WHAT TO WORK ON -
Nothing left out, nothing added: return the full set of records.

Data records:
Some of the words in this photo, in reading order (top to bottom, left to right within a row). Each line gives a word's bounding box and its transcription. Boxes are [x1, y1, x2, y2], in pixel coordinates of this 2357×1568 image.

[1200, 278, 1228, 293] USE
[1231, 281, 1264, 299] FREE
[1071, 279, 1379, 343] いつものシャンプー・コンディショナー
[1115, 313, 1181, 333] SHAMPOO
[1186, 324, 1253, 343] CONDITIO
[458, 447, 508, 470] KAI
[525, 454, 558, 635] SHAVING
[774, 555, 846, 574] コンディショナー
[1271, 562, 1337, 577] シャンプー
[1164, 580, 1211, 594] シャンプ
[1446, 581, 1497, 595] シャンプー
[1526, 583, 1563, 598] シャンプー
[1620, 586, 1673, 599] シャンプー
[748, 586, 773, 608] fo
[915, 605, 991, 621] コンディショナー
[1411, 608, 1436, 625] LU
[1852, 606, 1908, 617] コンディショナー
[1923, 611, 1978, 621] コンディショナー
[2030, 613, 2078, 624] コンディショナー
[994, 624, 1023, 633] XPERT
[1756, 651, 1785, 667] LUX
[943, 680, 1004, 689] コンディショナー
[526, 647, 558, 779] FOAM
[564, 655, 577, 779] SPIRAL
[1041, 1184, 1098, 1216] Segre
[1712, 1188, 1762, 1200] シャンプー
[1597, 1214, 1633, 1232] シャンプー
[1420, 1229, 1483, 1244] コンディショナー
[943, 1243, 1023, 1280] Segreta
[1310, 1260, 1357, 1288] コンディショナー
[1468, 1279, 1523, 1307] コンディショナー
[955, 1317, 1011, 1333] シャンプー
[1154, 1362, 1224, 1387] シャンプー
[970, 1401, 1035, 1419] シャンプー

ANSWER TO THIS PROBLEM -
Some of the words in this photo, in reading order (top to bottom, left to right within a row). Each line gives a word's bounding box and its transcription. Boxes are [x1, y1, x2, y2], in pixel coordinates of this 2357×1568 image.

[1200, 278, 1228, 293] USE
[1231, 281, 1264, 299] FREE
[1071, 279, 1379, 343] いつものシャンプー・コンディショナー
[1115, 313, 1181, 333] SHAMPOO
[1186, 324, 1253, 343] CONDITIO
[458, 447, 508, 470] KAI
[525, 454, 558, 635] SHAVING
[774, 555, 846, 574] コンディショナー
[1271, 562, 1337, 577] シャンプー
[1164, 580, 1211, 594] シャンプ
[1446, 581, 1497, 595] シャンプー
[1526, 583, 1563, 598] シャンプー
[1620, 586, 1673, 599] シャンプー
[748, 586, 773, 608] fo
[915, 605, 991, 621] コンディショナー
[1411, 608, 1436, 625] LU
[1852, 606, 1908, 617] コンディショナー
[1923, 611, 1978, 621] コンディショナー
[2030, 613, 2078, 624] コンディショナー
[994, 624, 1023, 633] XPERT
[1756, 651, 1785, 667] LUX
[943, 680, 1004, 689] コンディショナー
[526, 647, 558, 779] FOAM
[564, 655, 577, 779] SPIRAL
[1041, 1184, 1098, 1216] Segre
[1712, 1188, 1762, 1200] シャンプー
[1597, 1214, 1633, 1232] シャンプー
[1420, 1229, 1483, 1244] コンディショナー
[943, 1243, 1023, 1280] Segreta
[1310, 1260, 1357, 1288] コンディショナー
[1468, 1279, 1523, 1307] コンディショナー
[955, 1317, 1011, 1333] シャンプー
[1154, 1362, 1224, 1387] シャンプー
[970, 1401, 1035, 1419] シャンプー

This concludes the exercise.